In the case where I was the main briefer, this involved a full coat and tie all day briefing in July in front of a “murder board” of 40 so-called subject matter experts. The TRB panel members ranged from former fighter squadron commanders, to former DARPA PMs, to a retired brigadier general to a number of SETAs to test pilots. Impeccable credentials!

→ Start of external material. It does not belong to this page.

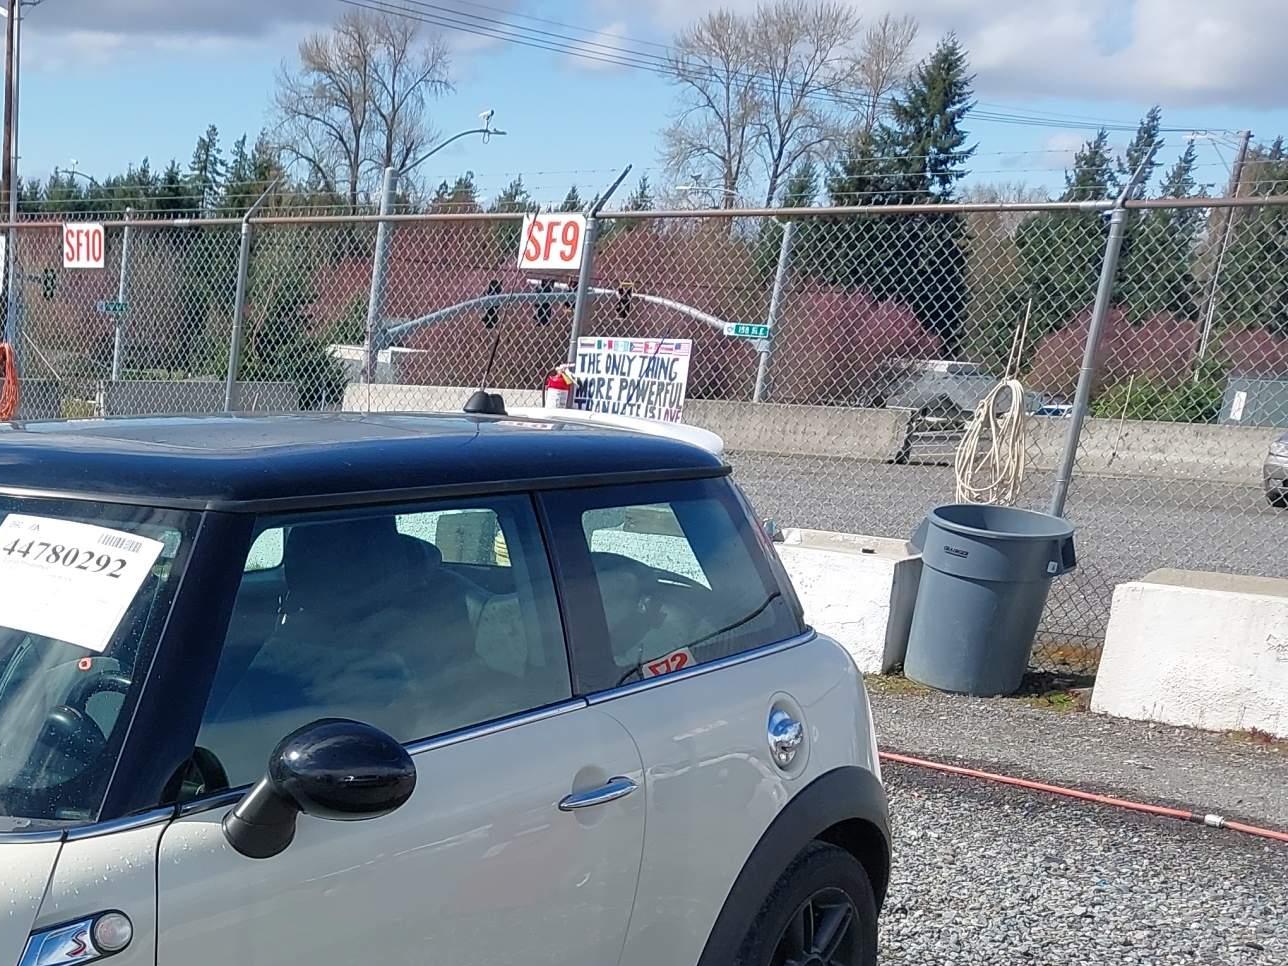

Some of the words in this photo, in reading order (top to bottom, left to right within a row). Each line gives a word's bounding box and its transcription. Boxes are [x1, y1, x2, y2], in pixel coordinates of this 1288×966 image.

So I spent 45 minutes (x2) briefing the tech maturation plans we had already performed or intended to perform for our particular CTEs. My management ensured that my talking points were so rehearsed I sounded like a politician answering an uncomfortable question. Since TRL is much more of an art than a precise science and every test wicket and subsystem is different, the TRB panel members all came with their own pet rocks and agendas. Since the risk level of a team’s offering going forward - a key criteria for how a Request for Proposal (RFP) is scored - was heavily influenced by the TRB’s finding, careers were made or broken based on what happened in this briefing and if you could tell a story you were TRL 6 or not.

Of course, so I thought. As if to amplify the absurdity of all this the executive in charge of my program team literally fell asleep and started snoring loudly in the front row halfway through my briefing - highly distracting when dodging pet rocks being thrown at you. His junior executive just waved it off and gestured at me to continued. Well at least I know he’s not worried about me.

After 9 hours of briefings the TRB then met to individually vote on what they thought the true TRL was of all our CTEs. Having gotten to see the tabulation afterwards, I found this result highly amusing. For some (usually less political) CTE they were remarkably consistent and 90% of the results were the same or at most +/- 1 from each other. For others, the results varied as widely as 3-8 in some cases, with the personal agendas of the reviewers again creeping in. It was clearly that the direction to run an “objective” process was far from it.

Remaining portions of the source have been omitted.